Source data
+-------+

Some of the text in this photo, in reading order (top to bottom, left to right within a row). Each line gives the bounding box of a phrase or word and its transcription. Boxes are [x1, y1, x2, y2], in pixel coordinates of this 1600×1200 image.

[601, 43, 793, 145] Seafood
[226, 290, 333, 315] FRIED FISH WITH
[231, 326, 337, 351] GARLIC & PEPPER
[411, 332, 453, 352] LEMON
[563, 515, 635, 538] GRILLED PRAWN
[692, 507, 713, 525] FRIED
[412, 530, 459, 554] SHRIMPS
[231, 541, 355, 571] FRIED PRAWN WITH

+-------+

Could you output every record above exactly as written?

Some of the text in this photo, in reading order (top to bottom, left to right within a row). Each line gives the bounding box of a phrase or word and its transcription. Boxes are [x1, y1, x2, y2], in pixel coordinates of this 1600×1200 image.

[601, 43, 793, 145] Seafood
[226, 290, 333, 315] FRIED FISH WITH
[231, 326, 337, 351] GARLIC & PEPPER
[411, 332, 453, 352] LEMON
[563, 515, 635, 538] GRILLED PRAWN
[692, 507, 713, 525] FRIED
[412, 530, 459, 554] SHRIMPS
[231, 541, 355, 571] FRIED PRAWN WITH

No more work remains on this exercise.